Kieran Martin: Meath win is totally in the past

12 July 2015; Kieran Martin, Westmeath, in action against Cian O'Sullivan, Dublin. Leinster GAA Football Senior Championship Final, Westmeath v Dublin, Croke Park, Dublin. Picture credit: Cody Glenn / SPORTSFILE
12 July 2015; Kieran Martin, Westmeath, in action against Cian O'Sullivan, Dublin. Leinster GAA Football Senior Championship Final, Westmeath v Dublin, Croke Park, Dublin. Picture credit: Cody Glenn / SPORTSFILE

WHAT became quickly apparent in the frenzied and jubilant aftermath of Westmeath’s titanic comeback win over Meath is that the least surprised people of all were the players who made it happen.

Indeed, some pondered whether their historic ignorance/apathy to the downtrodden nature of Westmeath’s relationship with their neighbours and near namesakes was precisely what made them the first generation of players to beat them.

Which is also why few of the team (any?) possess a subscription to the theory that so tumultuous and ground-breaking was their Leinster semi-final win that 2015 would be considered an unimpeachable success, regardless of what else transpired.

“A lot of people were saying that the Meath game was their Leinster final,” acknowledged Kieran Martin, Westmeath’s Action Man.

“But I know we have the players and can go far.

“We’re probably just a bit young at the moment. Ten of the team were under-21 three years ago. So we’re still developing and we just have to develop that bit more to get up to the next level.”

Opportunity

Nobody - but nobody - expected them to beat Dublin. And they didn’t.

Yet they drew the other cuckoo in the All-Ireland nest, Fermanagh, in the last 12 and a season that looked like winding down after the highs of Meath could go beyond where anyone believed possible.

“We knew after the Leinster final that it was a great opportunity to be back in Croke Park in a few weeks’ time so we had to get back,” Martin insists.

“We were back training on Tuesday night.

“We just had to sit down and focus an think that we can be there again in less than a month’s time.”
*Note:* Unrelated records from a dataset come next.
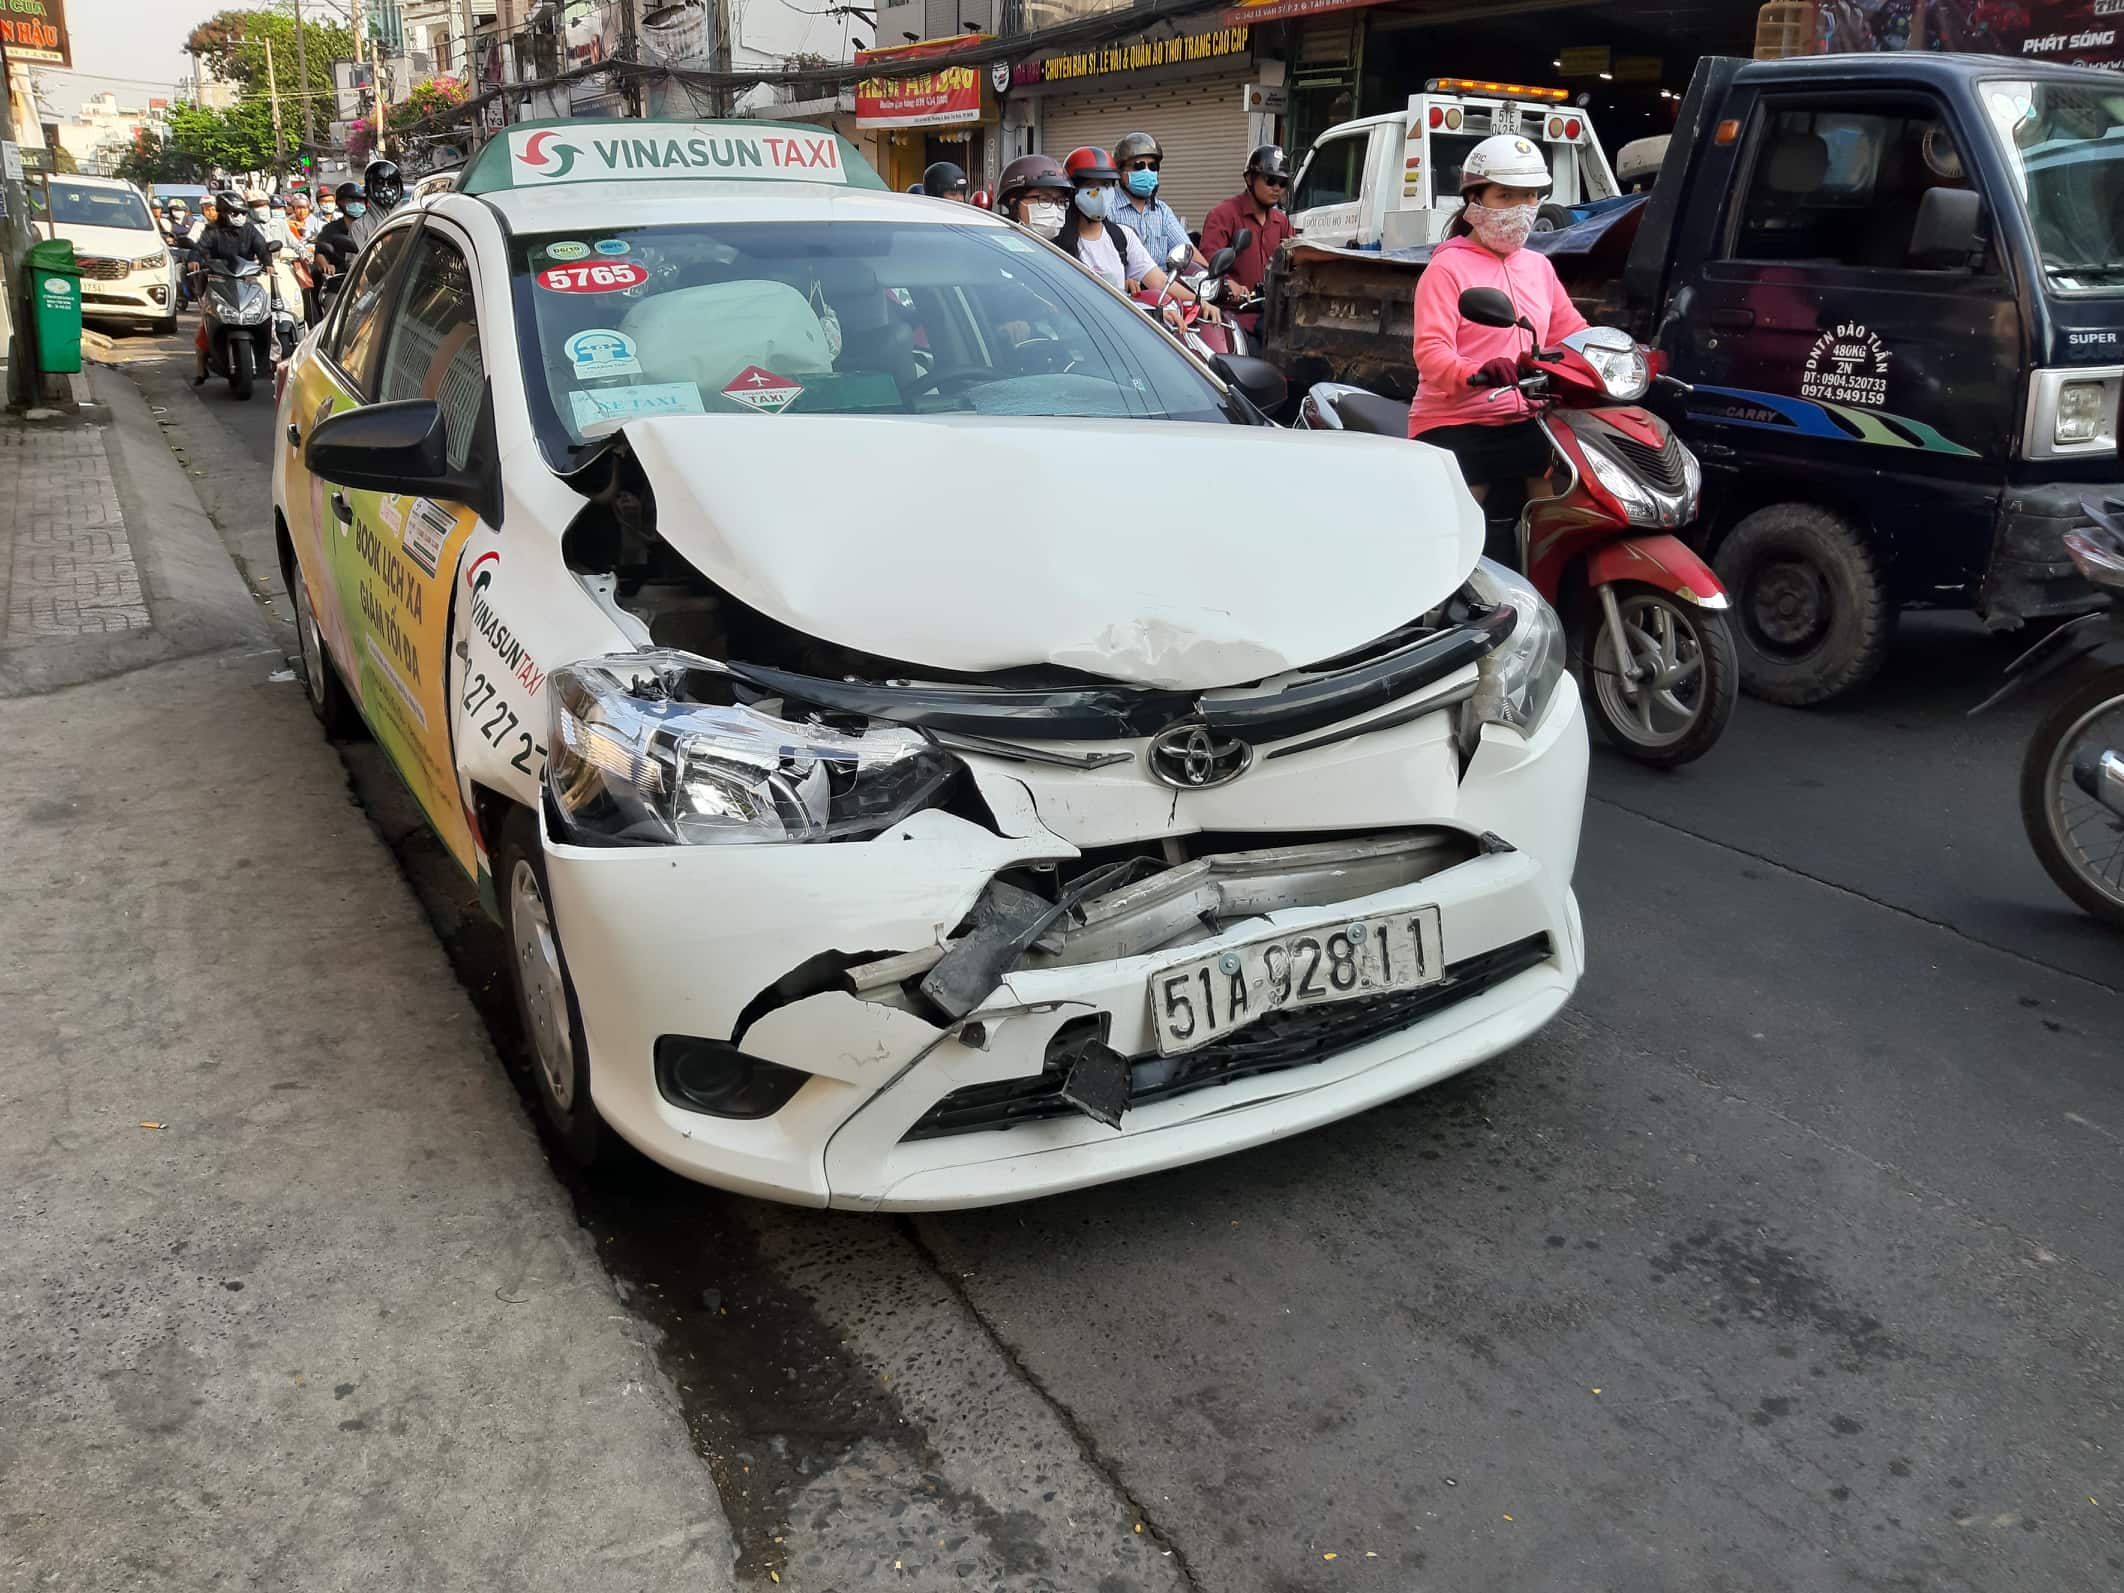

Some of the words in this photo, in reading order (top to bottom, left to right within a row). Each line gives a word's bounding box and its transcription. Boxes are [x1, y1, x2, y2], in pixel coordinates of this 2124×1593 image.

[16, 17, 57, 49] HẬU
[2022, 33, 2068, 53] PHÁT
[2068, 29, 2116, 49] SÓNG
[1152, 37, 1164, 65] ÁO
[1184, 31, 1211, 61] TRANG
[1212, 29, 1230, 57] CAO
[592, 137, 762, 169] VINASUN
[762, 137, 837, 169] TAXI
[546, 264, 637, 290] 5765
[1805, 330, 1835, 369] DNTN
[1832, 344, 1867, 358] 480KG
[2068, 332, 2117, 344] SUPER
[1836, 361, 1853, 374] 2N
[749, 393, 785, 404] TAXI
[1801, 384, 1886, 405] 0974.949159
[1725, 406, 1776, 422] CARRY
[355, 517, 381, 577] BOOK
[382, 546, 405, 603] LỊCH
[406, 571, 423, 625] XA
[359, 577, 386, 639] GIẢM
[385, 604, 402, 662] TỐI
[480, 700, 520, 749] 27
“And look, we’re going to do everything we to get back there.

“It will be no easy task. You see they beat Roscommon, a Division 1 team now in the League.

“They probably will be defensive but we will have to find a way to work around that and try to rack up a big score. Because you can see that they have a few scoring forwards who are taking goals and points and we just have to find a way to win the game.”

Which leaves Westmeath with a conundrum.

They performed one of the coups of this year with a high-pressing, all-out assault on Meath in the second half of the Leinster semi-final.

They also limited Dublin to just eight points with a deep-lying, organised first half performance in the provincial decider.

“If we do win it, we’re going to be playing against one of the top three or four teams in the country. It’s hard to know what to do,” Martin says.

“Do you keep going playing that way? Or do you go back to your attacking football.

“Because we will have to go a bit more defensive if we get to the quarter-final again. That’s the tough task the management have to decide.

“But look, we’re well able to rack up big scores. It’s up to them at the end of the day.

Level

“No team is unbeatable,” he adds of Westmeath’s future prospects in Leinster and beyond.

“You could see that if we had a bit more time, we could probably have been a bit more competitive near the end.

“Any year, you never know what can happen. We have the players. If we get it right, we can push on and we can compete for a Leinster title. Maybe even more. But for the moment, we’re just at the level underneath it.”